今回は、業務設計による入力必須化のどこに問題があるのかを整理してみたいと思います。
SFA入力が無ければ業務を完了できなくする
業務設計で「SFA入力がなければ業務を完了できない」状態を作るとは、営業活動上の重要なタスクを、SFA入力と連動させてしか実行できないようにすることを指します。
たとえば次のような仕組みです。
- SFAに情報を登録しないと見積書を発行できない
- 契約書を作成できない
一見すると有効そうに見えますが、実際にはこの仕組み単体でうまく機能させるのは難しいのが実情です。
受注確定時にまとめて入力されるだけ
多くの場合、結果として起きるのは「入力の先延ばし」です。
商談の途中では入力されず、後工程に押し込まれていきます。
そして最終的には、受注時にまとめて入力する運用に落ち着いてしまうケースが非常に多く見られます。
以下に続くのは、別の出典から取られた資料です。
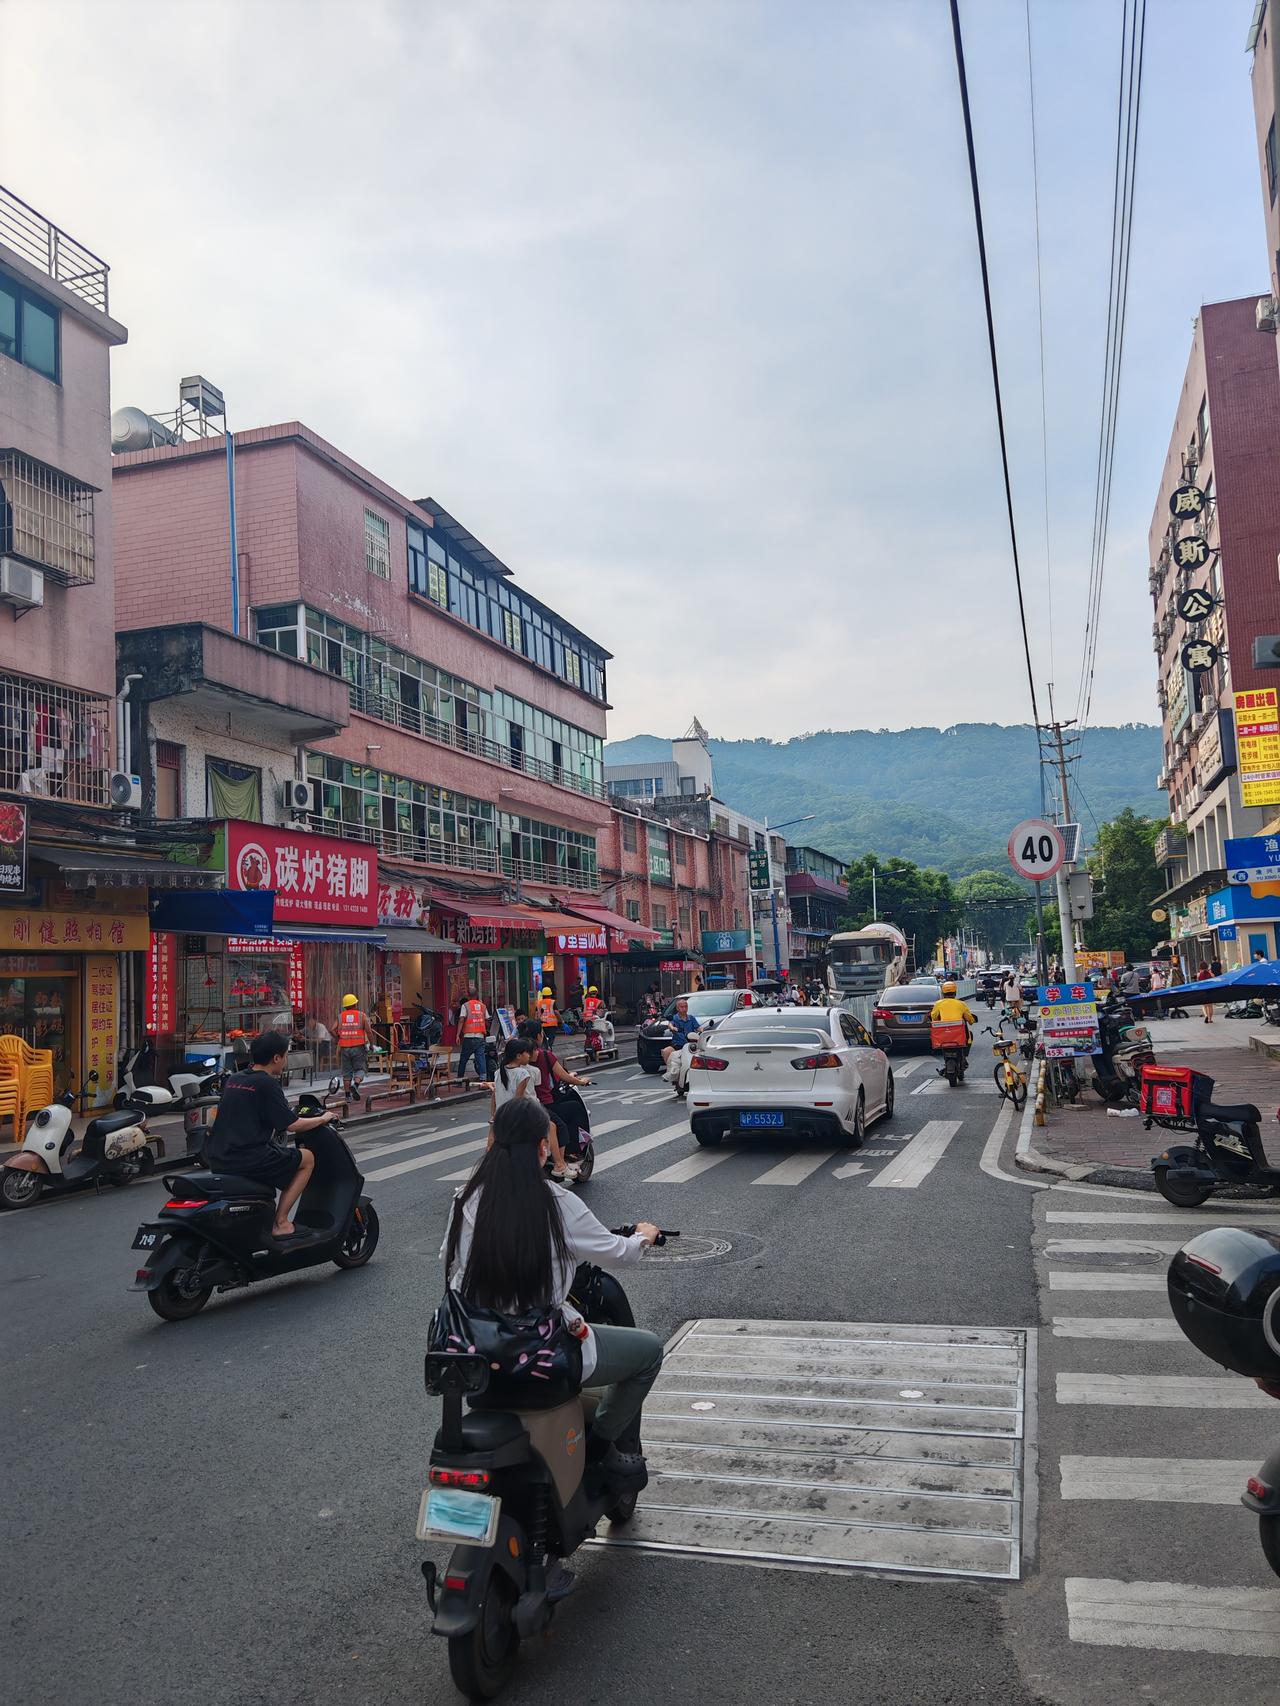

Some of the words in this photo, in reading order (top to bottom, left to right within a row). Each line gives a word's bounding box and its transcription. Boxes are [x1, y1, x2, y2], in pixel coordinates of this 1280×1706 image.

[1174, 487, 1213, 669] 威斯公寓
[1236, 692, 1276, 709] 房屋出租
[1021, 835, 1053, 863] 40
[1264, 838, 1279, 852] 渔
[274, 845, 370, 900] 碳炉猪脚
[1045, 986, 1087, 1003] 学车
[138, 1233, 156, 1247] 九号
システム上で入力を強制しても、現場ではExcelなどの代替ツールで業務が進められ、SFAは「後から登録する場所」になってしまいます。つまり、根本的な解決にはつながりません。
さらに厄介なのは、受注時に情報が入力されていることで、関係者に「SFAは活用されている」と誤解を与えてしまう点です。実際には現場の活動とは切り離された運用になっているにもかかわらず、成功しているように見えてしまいます。
断面で見なければ意味がない
SFAの本来の目的は、受注結果を記録することではありません。
商談の途中時点、つまり“断面”の情報から将来の見込みを把握することにあります。
重要なのは、「今のパイプラインが最終的な目標に対してどれだけ不足しているか」を把握することです。
受注結果だけでは判断できません。
たとえば、直近の受注が安定していたとしても、将来の見込み商談が存在しなければ、すぐに新規商談を創出するアプローチを検討しなければなりません。
結果しか入力されないSFAでは、受注に向けた適切なアクションを支援することができないのです。
無理に入力させる発想から離れる
システムや業務の観点で「どうやって入力させるか」だけを考えていては、目指すべきSFA運用には到達できません。
大切なのは、商談途中の最新情報が自然に更新されていく組織を作ることです。
そのためには、メンバーが入力の意義を理解し、実際の営業活動に役立つと実感できる状態を目指す必要があります。
SFAは強制によって定着するものではありません。
「入力しなければ困る」ではなく、「入力した方が自分の仕事が進む」と感じられる導入こそが、真の活用につながります。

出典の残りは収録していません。